Mt. Xxxxx Transaction Effective Date - the date that the "Mt. Xxxxx Transaction" (as defined in that certain Consent and Third Amendment to Amended and Restated Loan and Security Agreement dated as of October 23, 2014 by and among Borrowers, Lenders and Agent) is consummated.
(h)The defined terms "Covenant Testing Period", "Covenant Trigger Amount", "Covenant Trigger Date", "Reporting Trigger Amount" and "Unused Letter of Credit Subfacility" set forth in Appendix A of the Loan Agreement is hereby amended and restated in its entirety to read as follows:
Covenant Testing Period - a period (a) commencing on the last day of the fiscal month of Borrowers most recently ended on or prior to a Covenant Trigger Date and for which Agent has received financial statements required to be delivered pursuant to Section 8.1.3(c) and (b) ending on the first day after such Covenant Trigger Date that the Applicable Trigger equals or exceeds the Covenant Trigger Amount for 60 consecutive days.

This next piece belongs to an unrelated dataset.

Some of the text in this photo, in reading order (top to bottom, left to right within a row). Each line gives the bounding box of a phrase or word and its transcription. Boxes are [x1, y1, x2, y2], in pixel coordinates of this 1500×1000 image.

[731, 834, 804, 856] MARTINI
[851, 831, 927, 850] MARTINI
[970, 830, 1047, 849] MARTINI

Covenant Trigger Amount - at any date of determination, an amount equal to $34,500,000 (such amount to be increased by an amount equal to 23% of any Uncommitted Facility Increase upon the effectiveness thereof); provided, that, solely during the period commencing on the Mt. Xxxxx Transaction Effective Date and ending on the date that is one-hundred twenty (120) days thereafter, Covenant Trigger Amount shall mean an amount equal to $15,000,000.
Covenant Trigger Date - any day on which Borrowers fail to maintain the Applicable Trigger in an amount greater than or equal to the Covenant Trigger Amount.

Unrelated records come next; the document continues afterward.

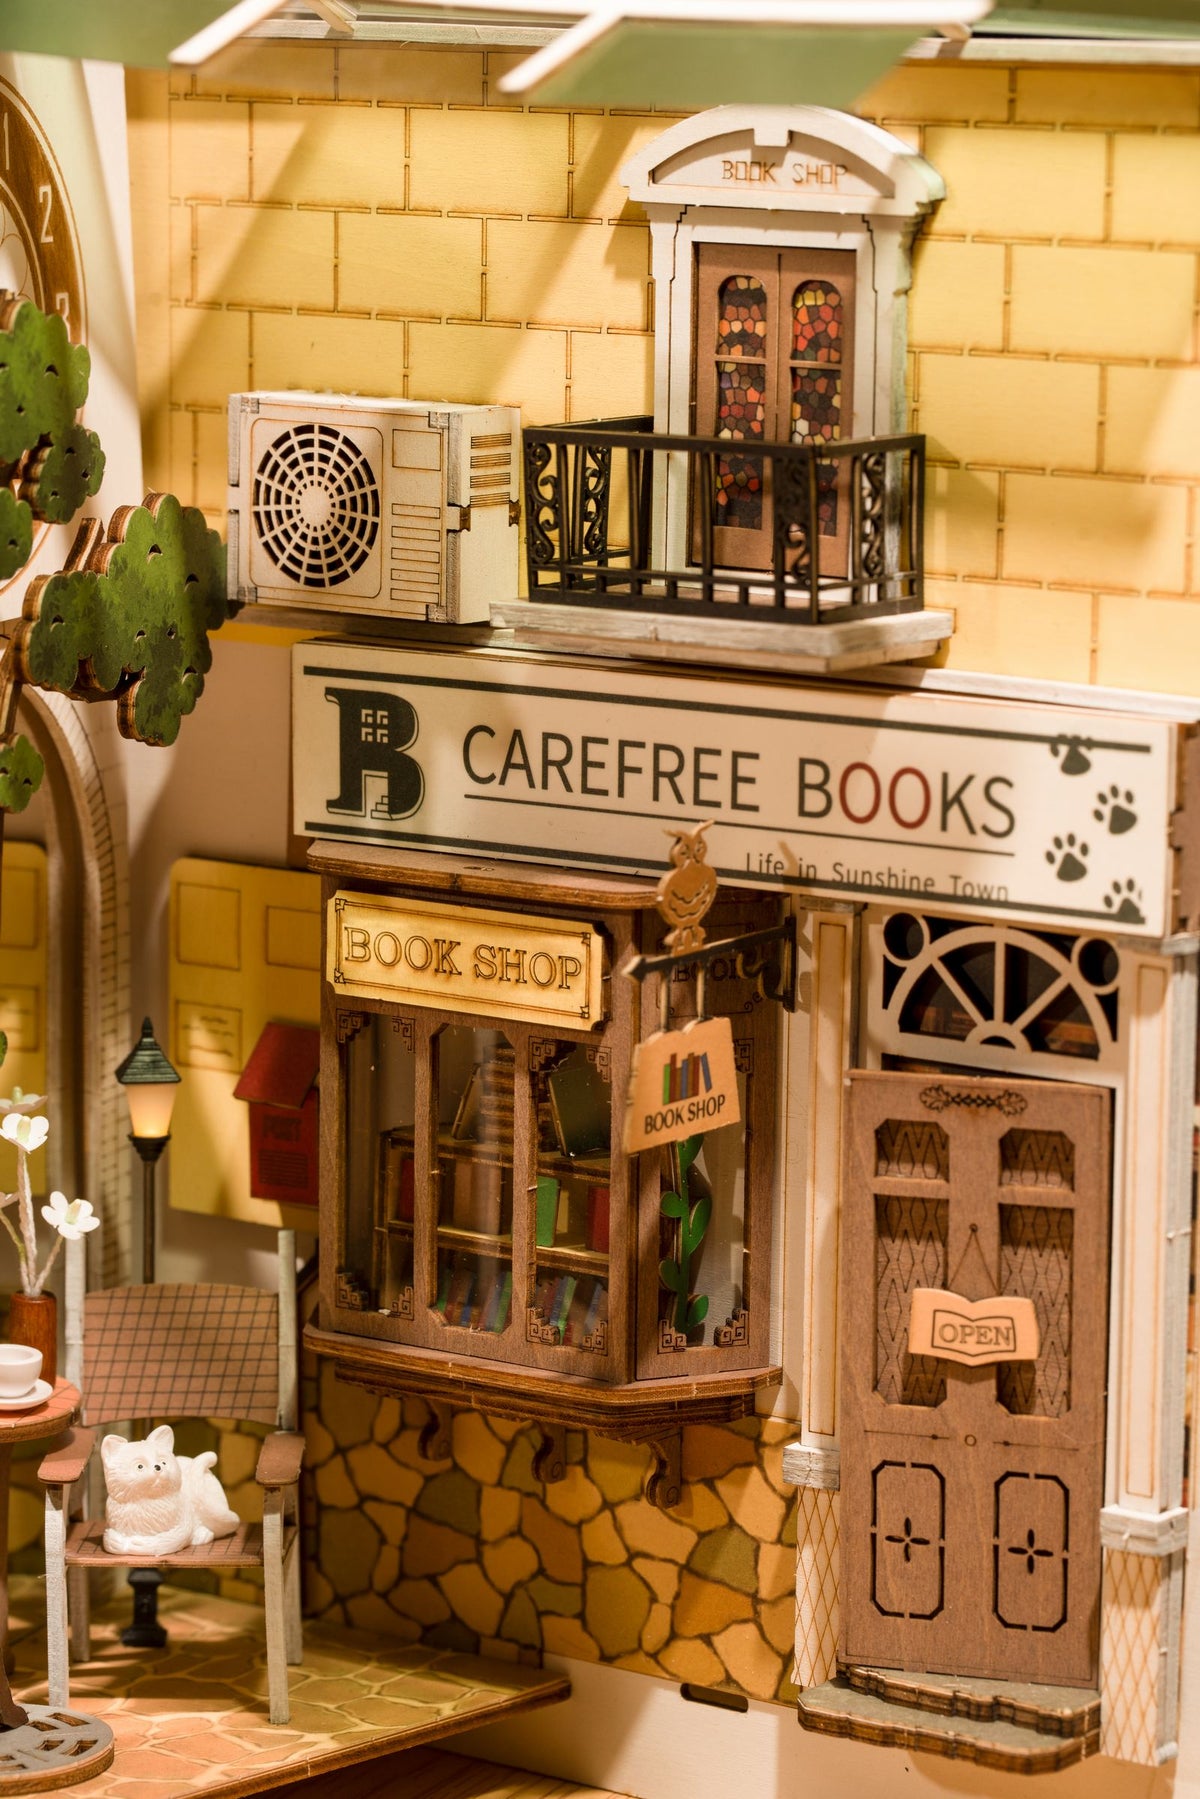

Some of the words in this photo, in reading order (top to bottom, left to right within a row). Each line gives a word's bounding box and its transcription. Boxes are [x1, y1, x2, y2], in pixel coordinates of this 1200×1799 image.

[721, 160, 777, 183] BOOK
[792, 162, 849, 185] SHOP
[39, 184, 54, 244] 2
[462, 724, 760, 813] CAREFREE
[797, 757, 1016, 839] BOOKS
[745, 853, 785, 877] Life
[798, 857, 818, 881] in
[832, 862, 936, 894] Sunshine
[949, 875, 1010, 902] Town
[344, 926, 462, 976] BOOK
[474, 944, 582, 990] SHOP
[644, 1105, 685, 1135] BOOK
[687, 1094, 726, 1122] SHOP
[938, 1323, 1012, 1346] OPEN

Reporting Trigger Amount - at any date of determination, an amount equal to $34,500,000 (such amount to be increased by an amount equal to 23% of any Uncommitted Facility Increase upon the effectiveness thereof); provided, that, solely during the period
commencing on the Mt. Xxxxx Transaction Effective Date and ending on the date that is one-hundred twenty (120) thereafter, Reporting Trigger Amount shall mean an amount equal to $15,000,000.

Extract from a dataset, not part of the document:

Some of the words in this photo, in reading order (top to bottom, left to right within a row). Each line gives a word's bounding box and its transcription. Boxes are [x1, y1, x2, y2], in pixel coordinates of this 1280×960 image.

Unused Letter of Credit Subfacility - at any time, an amount equal to $100,000,000 minus the LC Exposure at such time.
4.Ratification; Other Agreements. This Amendment, subject to satisfaction of the conditions provided below, shall constitute an amendment to the Loan Agreement and all of the Loan Documents as appropriate to express the agreements contained herein. In all other respects, the Loan Agreement and the Loan Documents shall remain unchanged and in full force and effect in accordance with their original terms.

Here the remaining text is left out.